▶ **Activity**
Write the entries out again exactly as they stand, but without the pictures.

▶ **Information**
-*-

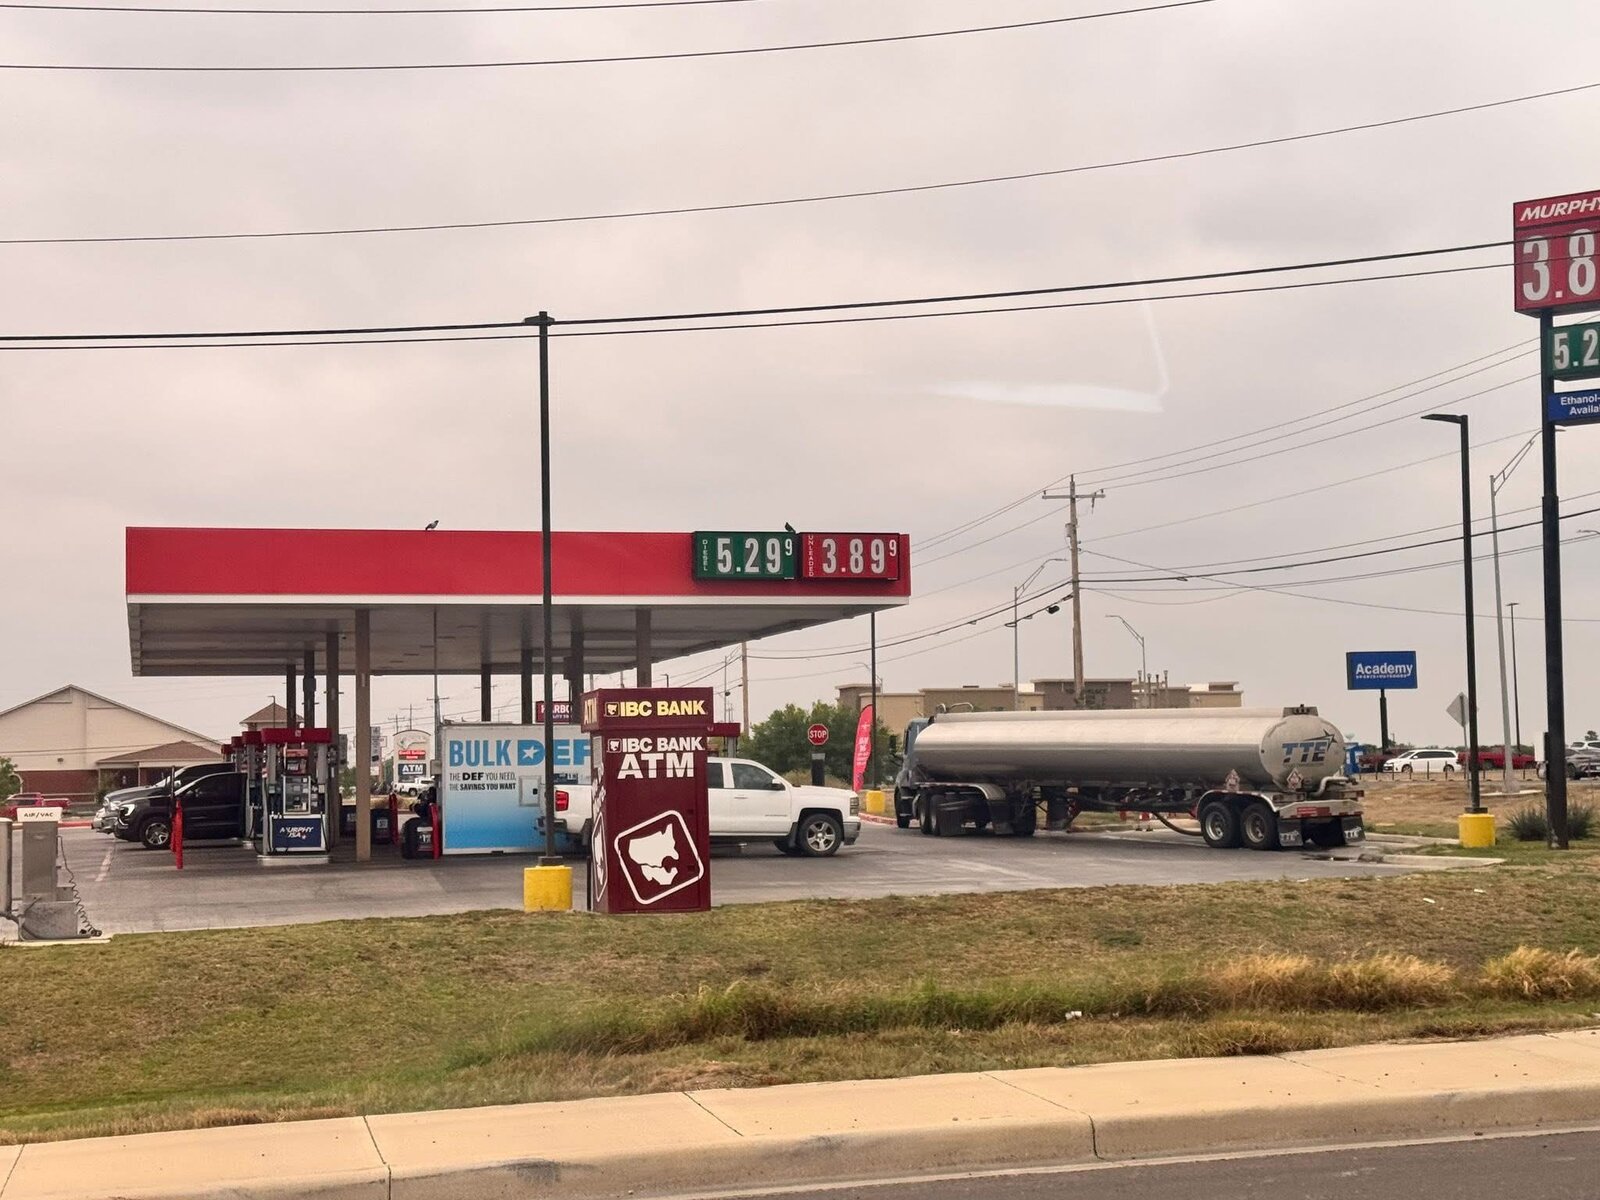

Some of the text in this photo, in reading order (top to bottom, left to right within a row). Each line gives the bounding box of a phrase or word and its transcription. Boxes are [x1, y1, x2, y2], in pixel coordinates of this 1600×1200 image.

[1569, 404, 1600, 416] Availa
[1355, 662, 1413, 676] Academy
[620, 700, 706, 717] IBC BANK
[809, 730, 826, 739] STOP
[622, 737, 705, 752] IBC BANK
[449, 739, 591, 767] BULK DEF
[1281, 740, 1329, 764] TTE
[401, 764, 423, 772] ATM
[617, 752, 695, 779] ATM
[449, 772, 460, 781] THE
[462, 772, 484, 781] DEF
[485, 772, 499, 781] YOU
[449, 782, 516, 791] THE SAVINGS YOU WANT
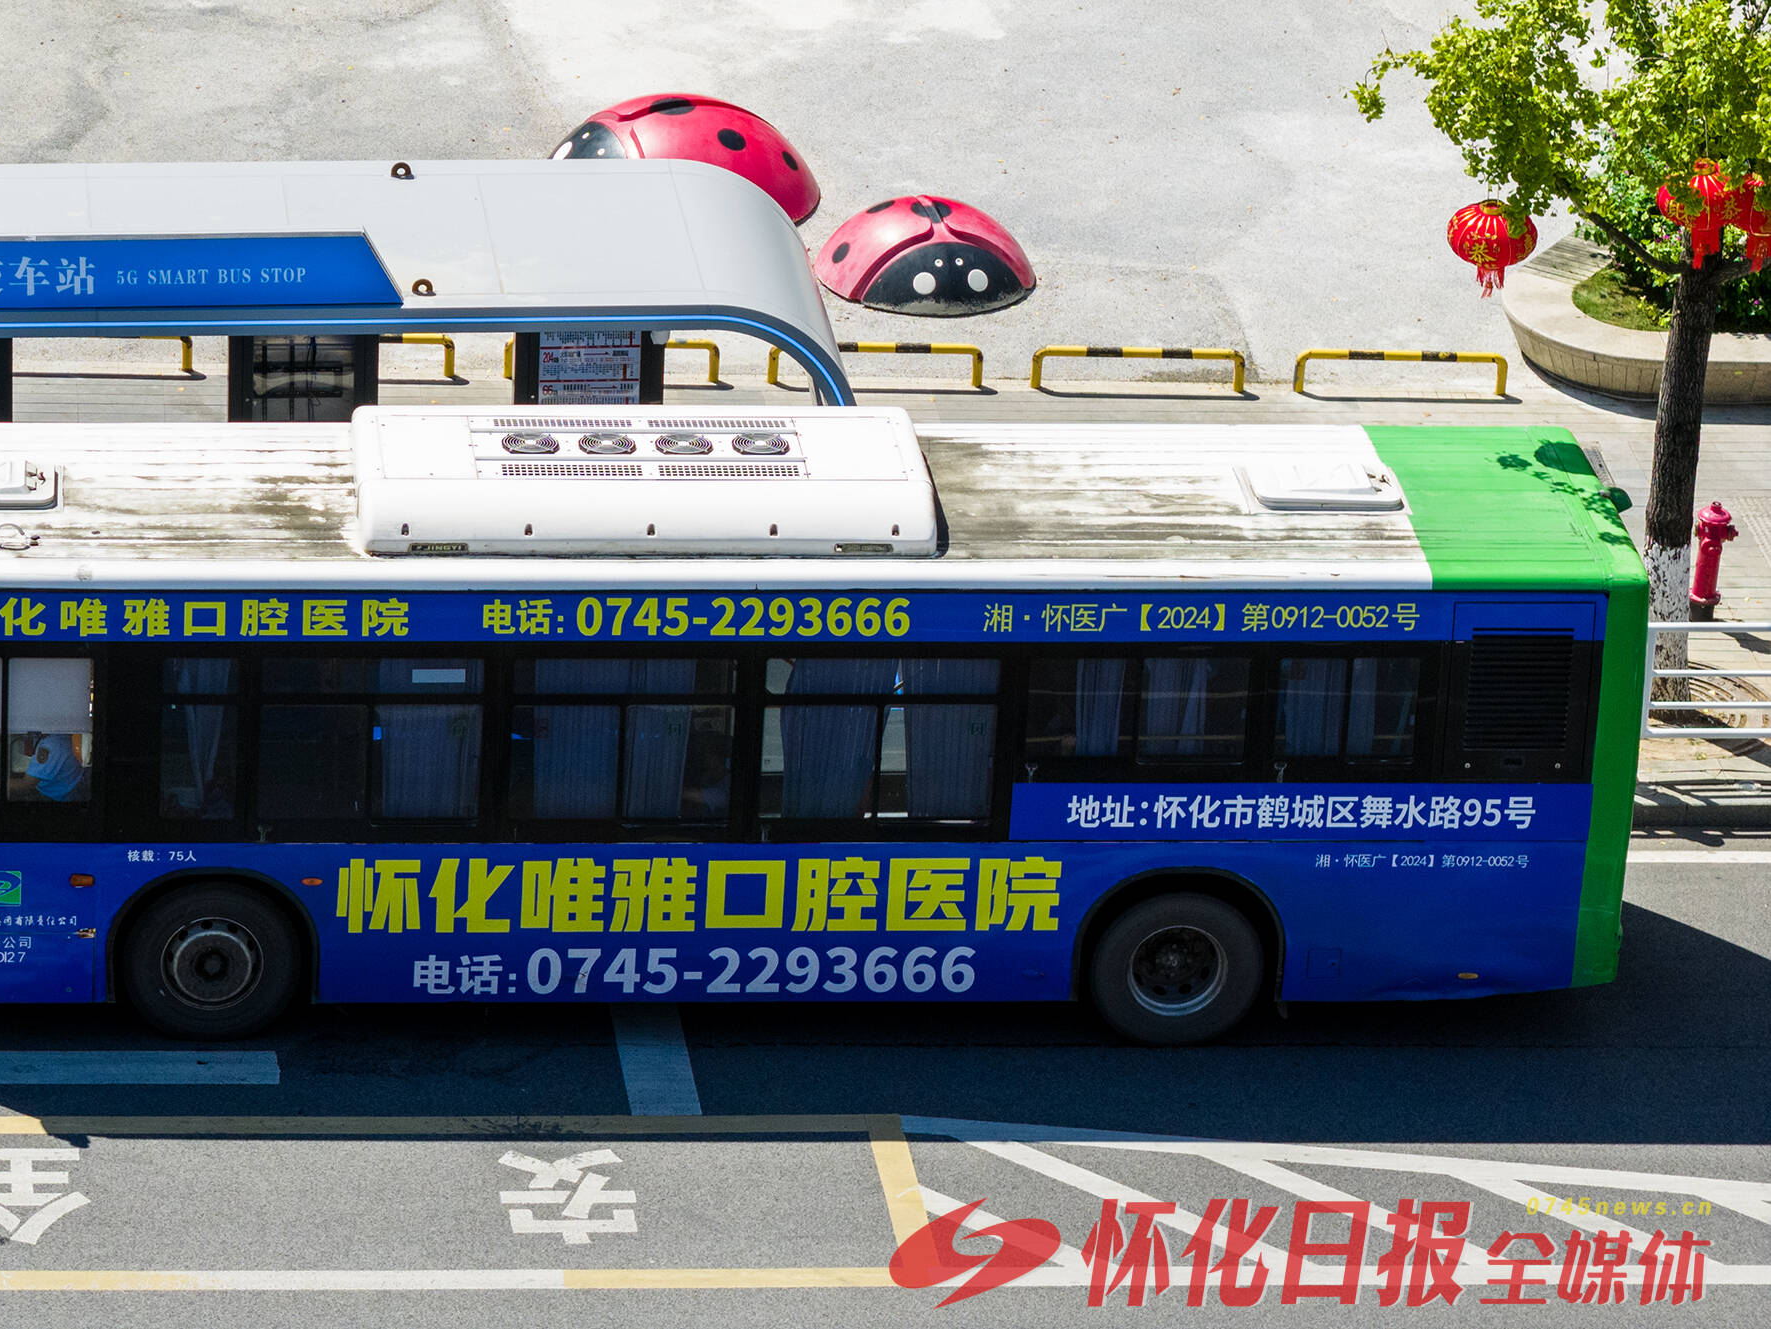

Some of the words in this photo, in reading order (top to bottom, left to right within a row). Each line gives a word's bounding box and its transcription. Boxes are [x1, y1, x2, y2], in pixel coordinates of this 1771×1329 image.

[116, 270, 138, 285] 5G
[148, 269, 209, 285] SMART
[218, 268, 251, 284] BUS
[260, 267, 306, 283] STOP
[482, 597, 911, 637] 电话:0745-2293666
[1067, 794, 1536, 830] 地址:怀化市鹤城区舞水路95号
[336, 857, 1062, 933] 怀化唯雅口腔医院
[413, 947, 976, 995] 电话:0745-2293666

-*-

▶ **Output of the task**
Some of the text in this photo, in reading order (top to bottom, left to right within a row). Each line gives the bounding box of a phrase or word and its transcription. Boxes are [x1, y1, x2, y2], in pixel coordinates of this 1600×1200 image.

[1569, 404, 1600, 416] Availa
[1355, 662, 1413, 676] Academy
[620, 700, 706, 717] IBC BANK
[809, 730, 826, 739] STOP
[622, 737, 705, 752] IBC BANK
[449, 739, 591, 767] BULK DEF
[1281, 740, 1329, 764] TTE
[401, 764, 423, 772] ATM
[617, 752, 695, 779] ATM
[449, 772, 460, 781] THE
[462, 772, 484, 781] DEF
[485, 772, 499, 781] YOU
[449, 782, 516, 791] THE SAVINGS YOU WANT

Some of the words in this photo, in reading order (top to bottom, left to right within a row). Each line gives a word's bounding box and its transcription. Boxes are [x1, y1, x2, y2], in pixel coordinates of this 1771×1329 image.

[116, 270, 138, 285] 5G
[148, 269, 209, 285] SMART
[218, 268, 251, 284] BUS
[260, 267, 306, 283] STOP
[482, 597, 911, 637] 电话:0745-2293666
[1067, 794, 1536, 830] 地址:怀化市鹤城区舞水路95号
[336, 857, 1062, 933] 怀化唯雅口腔医院
[413, 947, 976, 995] 电话:0745-2293666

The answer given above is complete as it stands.